■ **WHAT THIS TASK INVOLVES**
Retype the entries exactly; omit all pictures.

■ **DATA RECORDS**

################

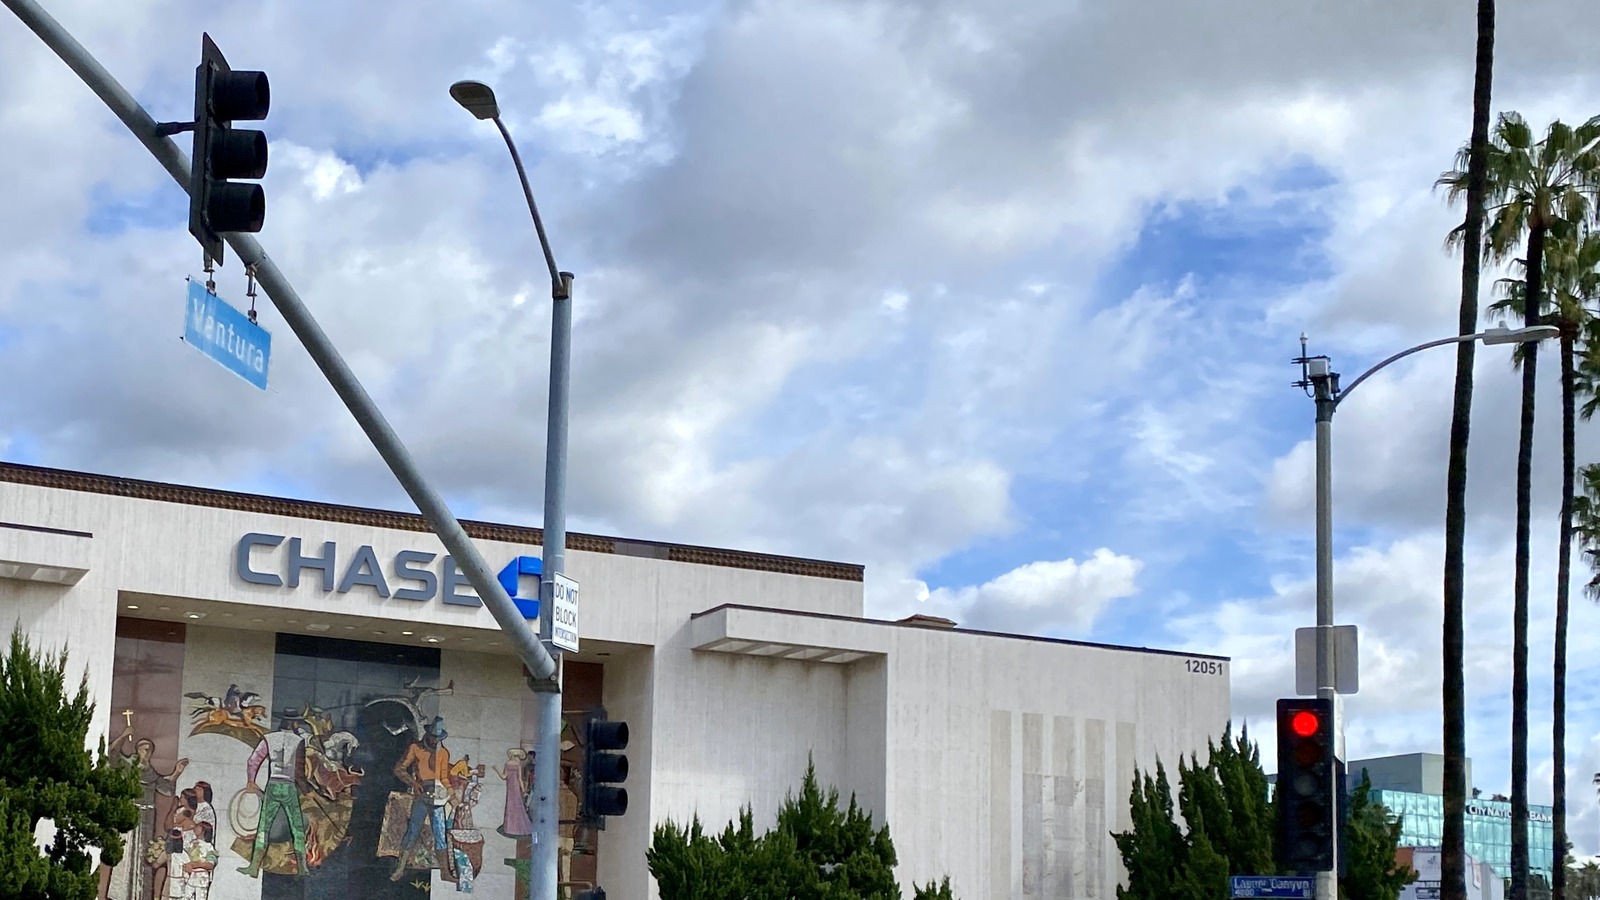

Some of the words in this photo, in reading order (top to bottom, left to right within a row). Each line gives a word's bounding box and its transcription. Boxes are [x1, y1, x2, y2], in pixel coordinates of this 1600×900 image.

[193, 297, 264, 373] Ventura
[237, 532, 484, 607] CHASE
[555, 582, 565, 600] DO
[566, 586, 578, 605] NOT
[555, 606, 577, 628] BLOCK
[1185, 659, 1223, 676] 12051
[1469, 805, 1487, 815] CITY
[1487, 806, 1512, 819] NATIO
[1529, 811, 1553, 823] BANK

################

■ **ANSWER SECTION**
Some of the words in this photo, in reading order (top to bottom, left to right within a row). Each line gives a word's bounding box and its transcription. Boxes are [x1, y1, x2, y2], in pixel coordinates of this 1600×900 image.

[193, 297, 264, 373] Ventura
[237, 532, 484, 607] CHASE
[555, 582, 565, 600] DO
[566, 586, 578, 605] NOT
[555, 606, 577, 628] BLOCK
[1185, 659, 1223, 676] 12051
[1469, 805, 1487, 815] CITY
[1487, 806, 1512, 819] NATIO
[1529, 811, 1553, 823] BANK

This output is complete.